According to Alavi, the following month, the government stormed his farms and seized over 6,000 machines. The incident cost him over $5 million and he is working with a non-governmental blockchain association to negotiate the return of his rigs even though their value has since depreciated, Alavi said. 

Now, Vira Miner has one of the 1,000 or more permits issued by the government to set up a farm. Local news reported around 14 farms have set up shop with these licenses. However, Alavi said miners need a second license to actually start operations. He is still waiting for one. 

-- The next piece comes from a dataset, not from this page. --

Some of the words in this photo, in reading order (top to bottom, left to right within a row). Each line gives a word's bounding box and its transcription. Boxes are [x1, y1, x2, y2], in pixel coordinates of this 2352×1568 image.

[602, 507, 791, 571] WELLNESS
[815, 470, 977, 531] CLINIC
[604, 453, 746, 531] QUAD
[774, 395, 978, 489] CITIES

Now that mining is legal, Alavi said he has to pay a tariff of over 20% on future imported mining equipment. Mining operations are fined for using subsidized electricity and equipment suspected of being smuggled into the country. According to Alavi, the ministry of energy is selling gas to bitcoin miners at 500 times the price it’s sold at to regular power plants. He also said that electricity rates are now higher for miners, costing up to $0.09 per kilowatt-hour. Earlier this year, the government gave miners a month to register in an effort to mitigate equipment smuggling and illegal mining.

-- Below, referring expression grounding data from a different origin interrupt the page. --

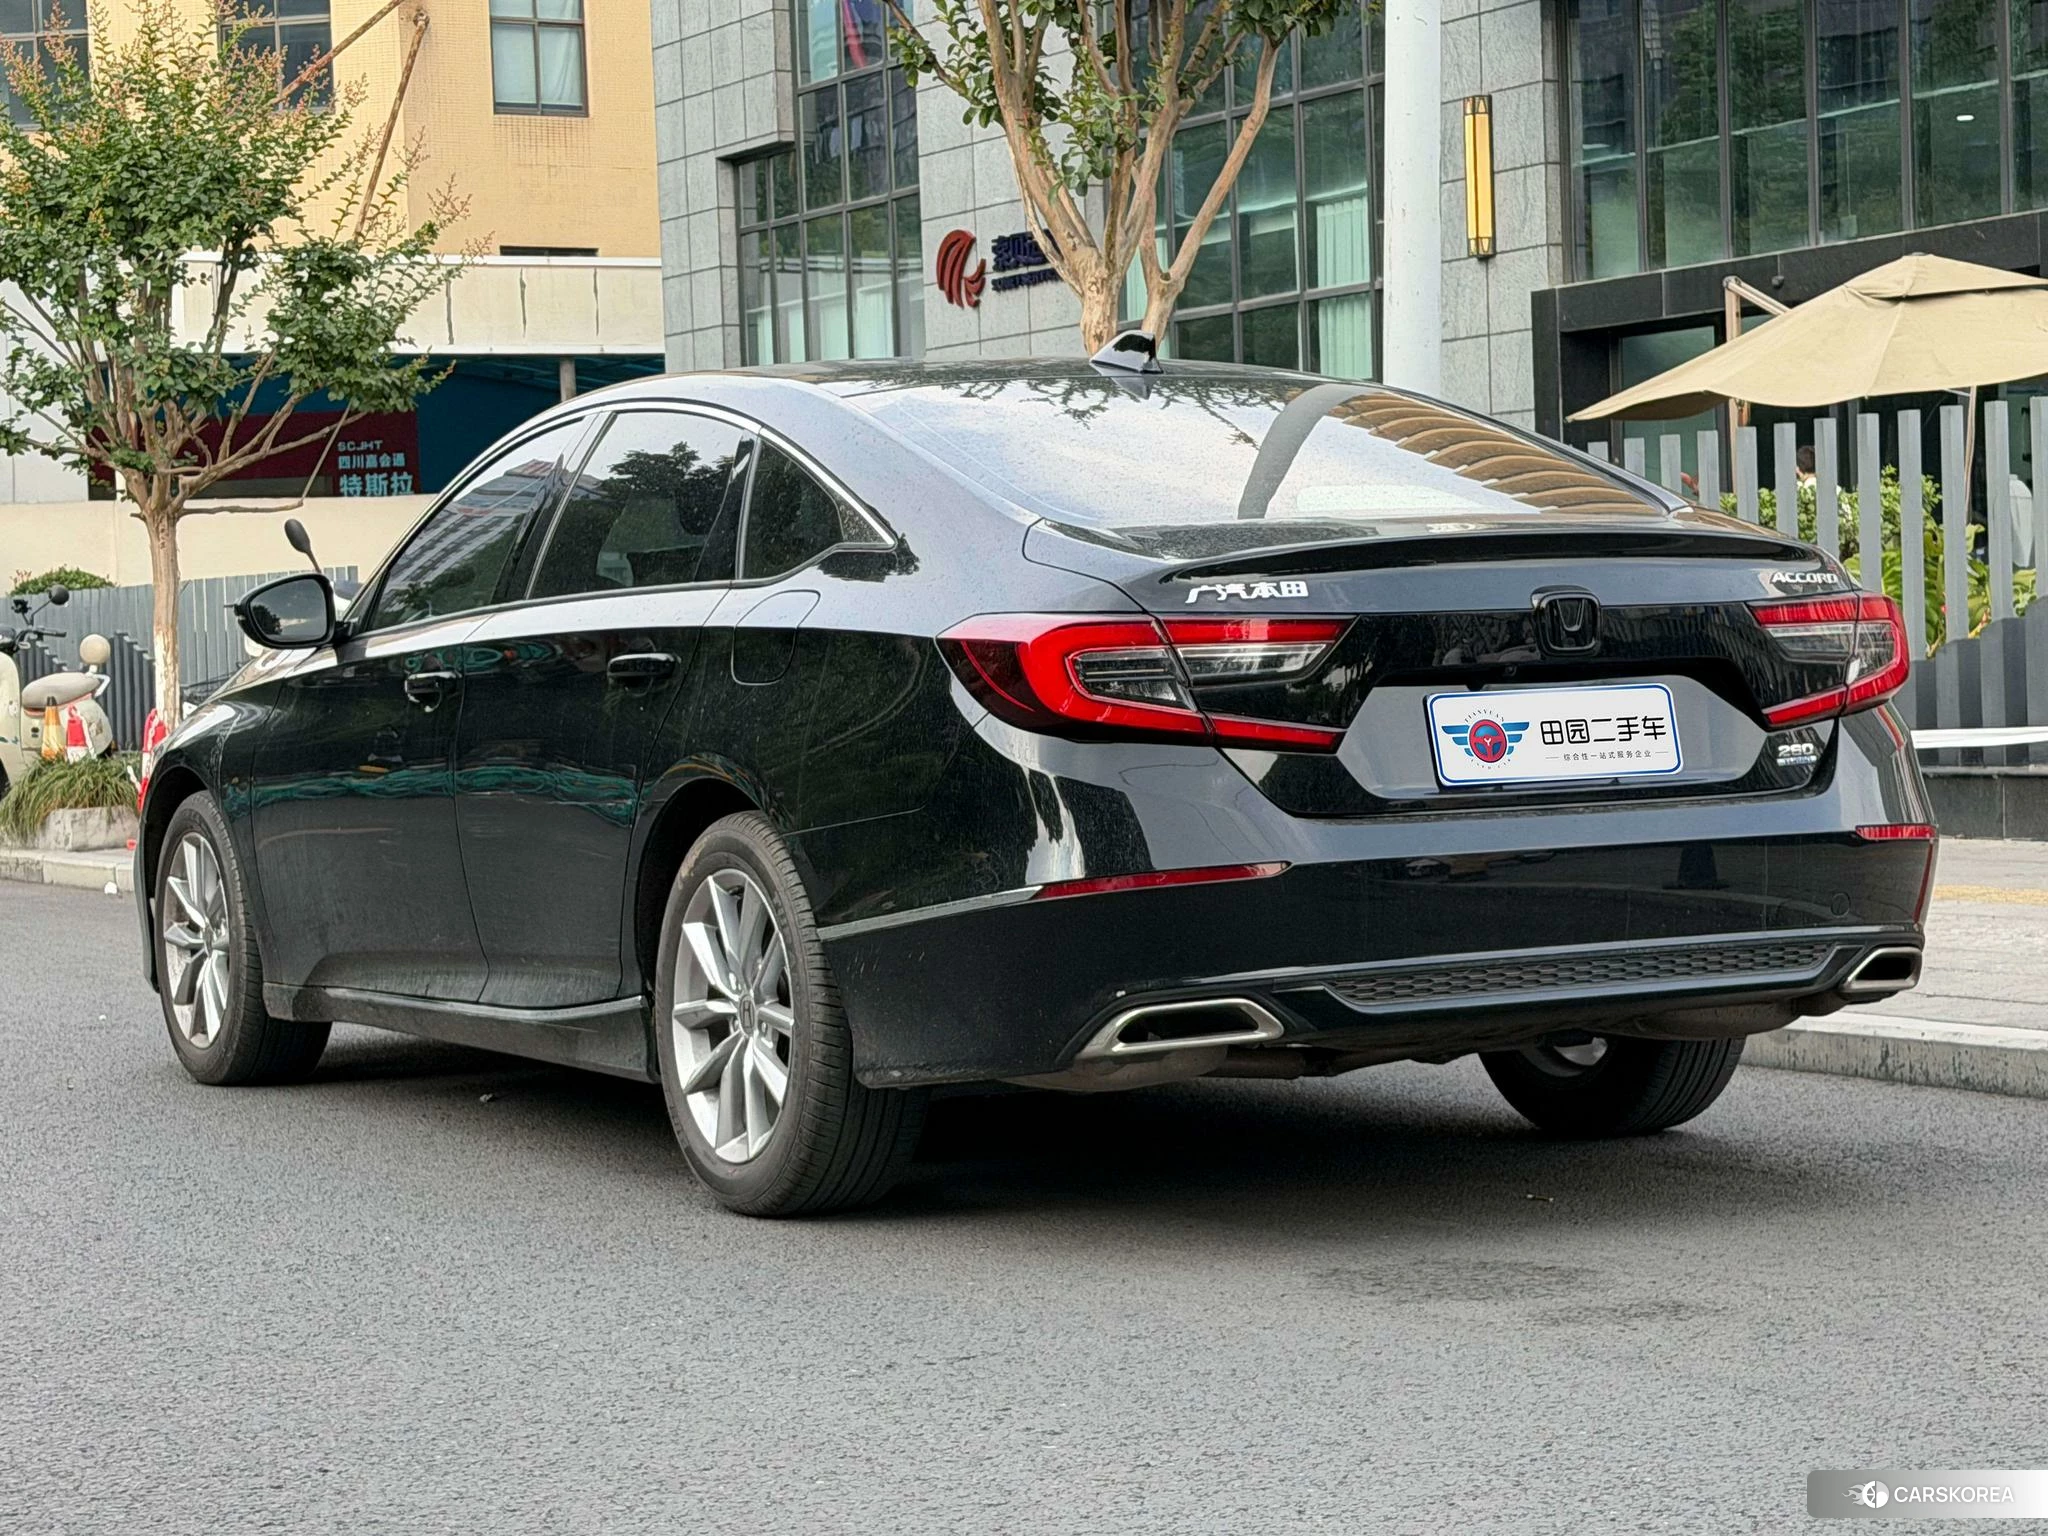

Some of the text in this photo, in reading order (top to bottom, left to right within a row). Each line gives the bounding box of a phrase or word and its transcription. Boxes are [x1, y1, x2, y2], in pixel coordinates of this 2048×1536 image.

[339, 471, 414, 497] 特斯拉
[1772, 571, 1838, 584] ACCORD
[1185, 581, 1309, 604] 广汽本田
[1540, 715, 1667, 746] 田园二手车
[1563, 750, 1652, 762] 综合性一站式服务企业

In April 2020, the government licensed a Turkey-based company called iMiner to launch a bitcoin mining operation in Iran. The firm allegedly sank $7.3 million into setting up its mining facility in the country.

But a Telegram group with over 81,000 members is accusing the firm of running a Ponzi Scheme, paying initial investors with funds from new investors without actually mining anything. Prominent Iranian bitcoiners including Alavi and Babagol recently joined an advisory YouTube panel that openly accused the government-approved company of misleading investors.

“Between last year and now, [Iran] became a hell for miners,” Alavi said. 

Mining continues, however, with Iran having a 4% stake in global hashrate (the amount of computing power a country contributes to mining) and Iranian power plants selling excess power to mining operations.   

Meanwhile, veteran bitcoiners like Amini and Sadr are witnessing how crypto is actually changing lives. Adoption is small and slow, but it’s nonetheless increasing, Sadr said. According to Amini, people from the crypto community may come into the space to simply buy VPN or a book that they cannot buy otherwise. 

“But then, you can see some concerned mother who just wants to send some money to her child studying abroad,” Amini said, adding:

“You know, bitcoin is just more usable and more people are coming to this space not because of the technology, but because they don’t have any other option. We could consider this a beautiful thing.”